Внезапно по толпе прокатилась волна возбуждения, как от брошенного в воду камня.

Возле старого королевского дома на противоположном конце площади стояла наготове тюремная телега, но появившаяся из ворот женщина в черном не стала в нее садиться — махнула рукой и прошла мимо. Солдаты у позорного столба мгновенно опустили пики и оттеснили зрителей, освобождая проход. Осужденную сопровождали два офицера.

Анна Стина начала протискиваться вперед, ныряя под выставленные локти, — ей надо было подойти поближе, запомнить лицо женщины, как выразился Дюлитц, «до мельчайших деталей». Вслушивалась в обрывки разговоров.

— Собираемся устроить в Стокгольме второй Париж? — театральным шепотом спрашивал приятеля господин в красиво расшитом камзоле. — Аристократов шлют на эшафот на потеху черни. Темные времена, брат, о, какие темные времена… Много можно сказать про крошку Ройтерхольма, но уж за якобинца-то я его никак не держал.

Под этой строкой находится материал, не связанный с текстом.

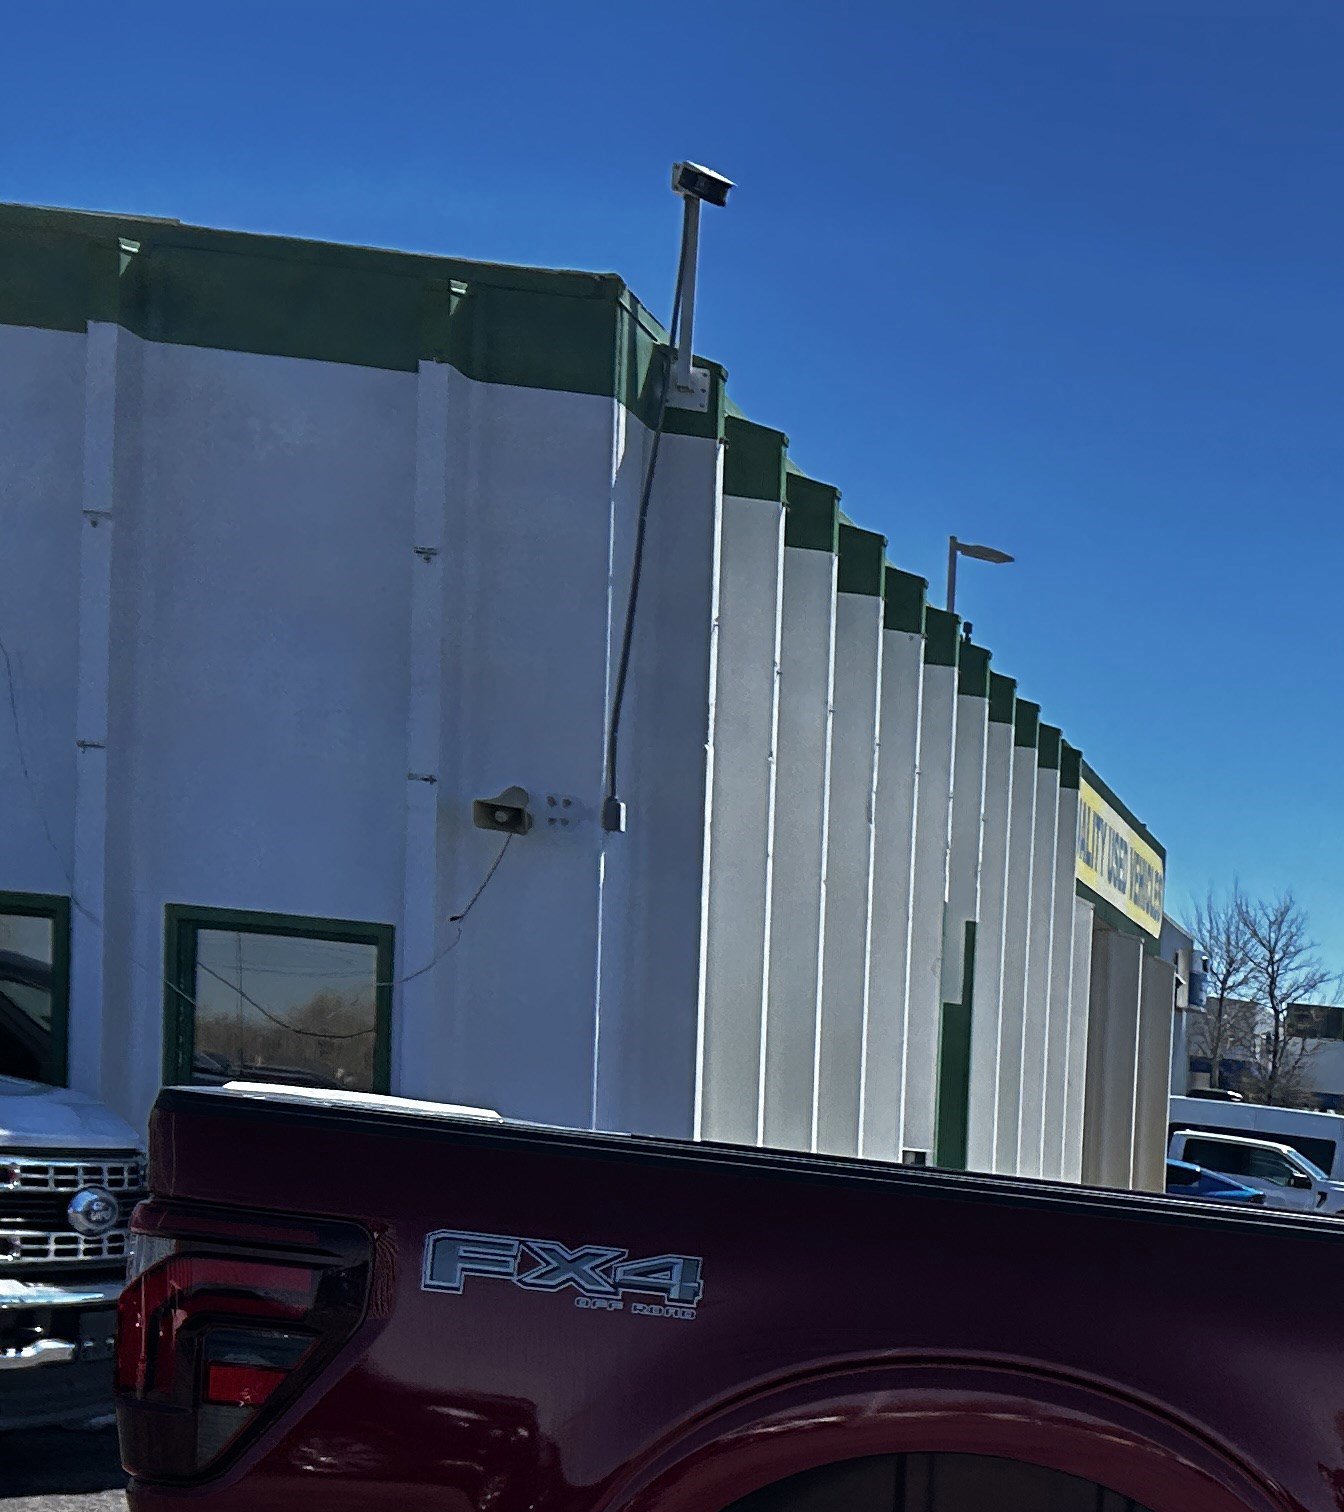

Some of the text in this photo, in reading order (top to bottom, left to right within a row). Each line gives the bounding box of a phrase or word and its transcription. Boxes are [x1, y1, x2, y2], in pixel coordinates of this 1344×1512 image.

[1107, 824, 1128, 895] USED
[1129, 846, 1164, 924] VEHICLES
[421, 1229, 703, 1307] FX4
[575, 1296, 697, 1321] OFF ROAD

— Малла! Малла Руденшёльд! — хохочет толстый дядька в грязной одежде. — Когда моя-то очередь придет? Совесть-то есть? Во всем Стокгольме ты мне одному пока не дала! Да еще бедному герцогу Карлу…

Небольшая группка женщин время от времени по команде старшей выкрикивает:

— Шалава!

— Не была бы шалавой, не упекли бы в кутузку. Дала бы герцогу, была бы свободна, как птица! Эх, я бы на твоем месте… Большое дело: зажмурилась и воображай: это, мол, никакой не герцог, это красавчик Армфельт хлопочет у меня промеж ляжками.

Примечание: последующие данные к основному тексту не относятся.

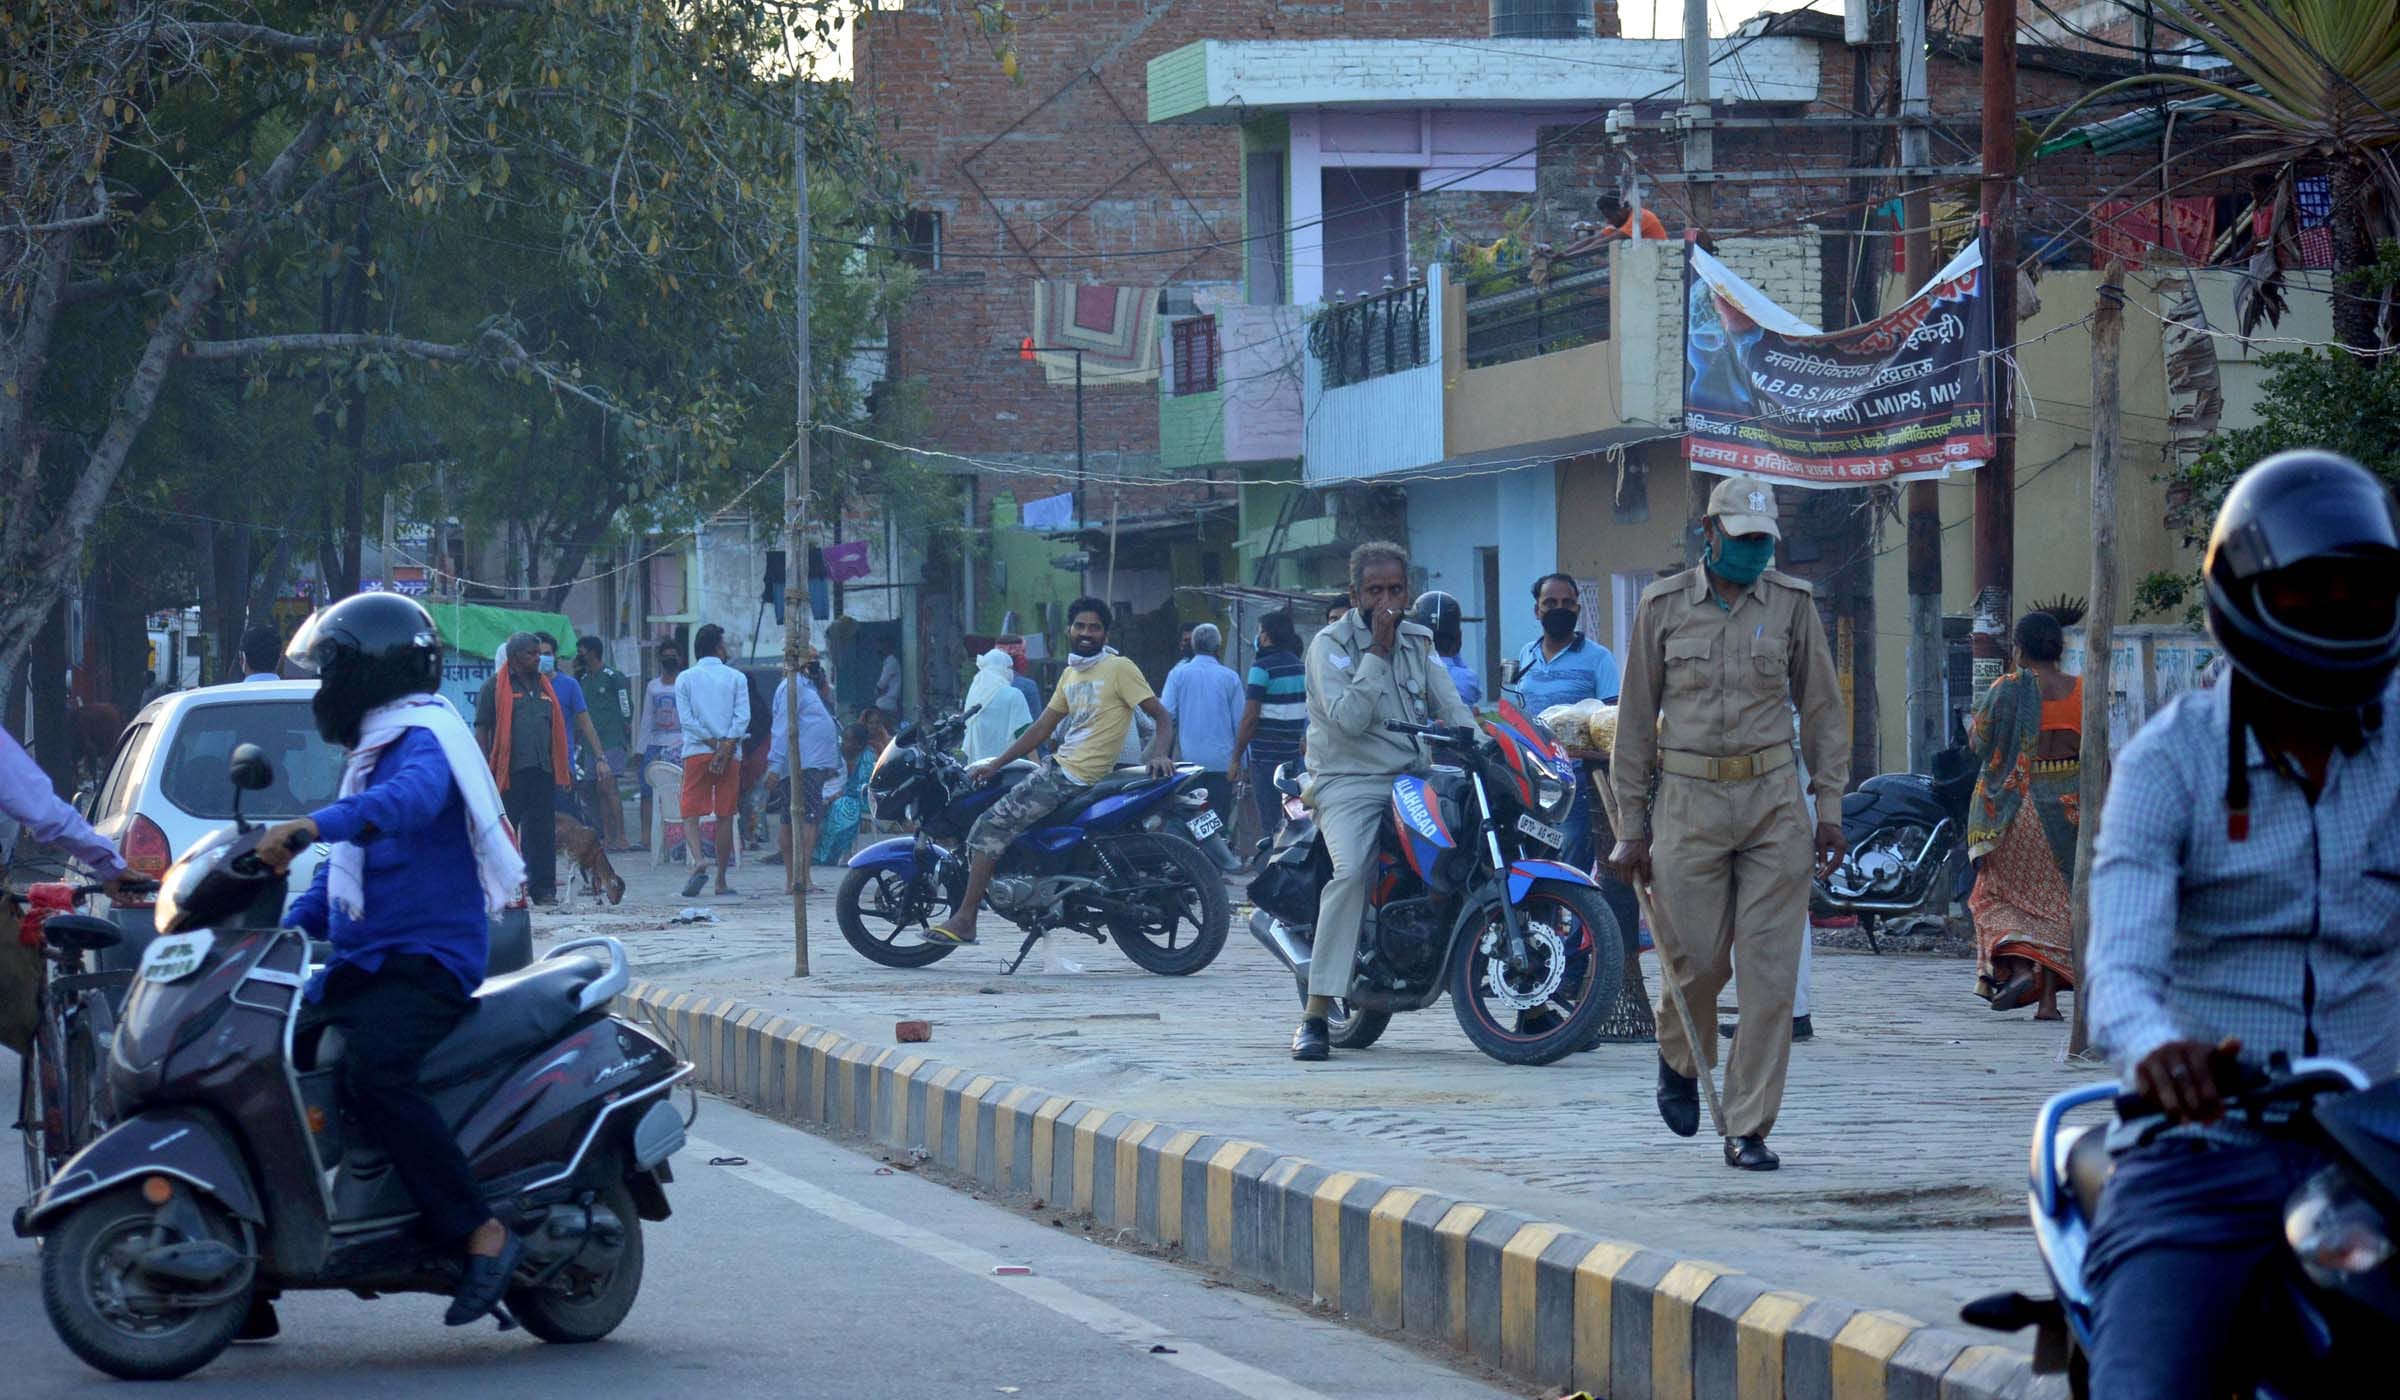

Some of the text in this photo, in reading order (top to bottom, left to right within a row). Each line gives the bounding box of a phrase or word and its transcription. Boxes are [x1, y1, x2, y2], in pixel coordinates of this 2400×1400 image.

[1765, 350, 1872, 378] मनोचिकित्सक
[1902, 313, 1964, 350] इकेट्री)
[1862, 390, 1926, 420] LMIPS,
[1393, 778, 1437, 838] ALLAHABAD

Слухи порхают, как бабочки: оказывается, барон Ройтерхольм настаивал на смертной казни. В последний момент все же поддался уговорам, но настоял, чтобы розги, которыми будут сечь Магдалену Руденшёльд, всю ночь перед поркой продержали в рассоле.

— Изменница! Так и с каждым будет, кто родину предает!

— Русская шлюха!

— Этот-то столбик побольше будет, чем у твоего Армфельта!

Дальше пройти невозможно — мешают выставленные пики и грозные взгляды мордастых солдат. Но и Магдалена Руденшёльд — вот она, в пяти локтях. Медленно подошла к лесенке на эшафот.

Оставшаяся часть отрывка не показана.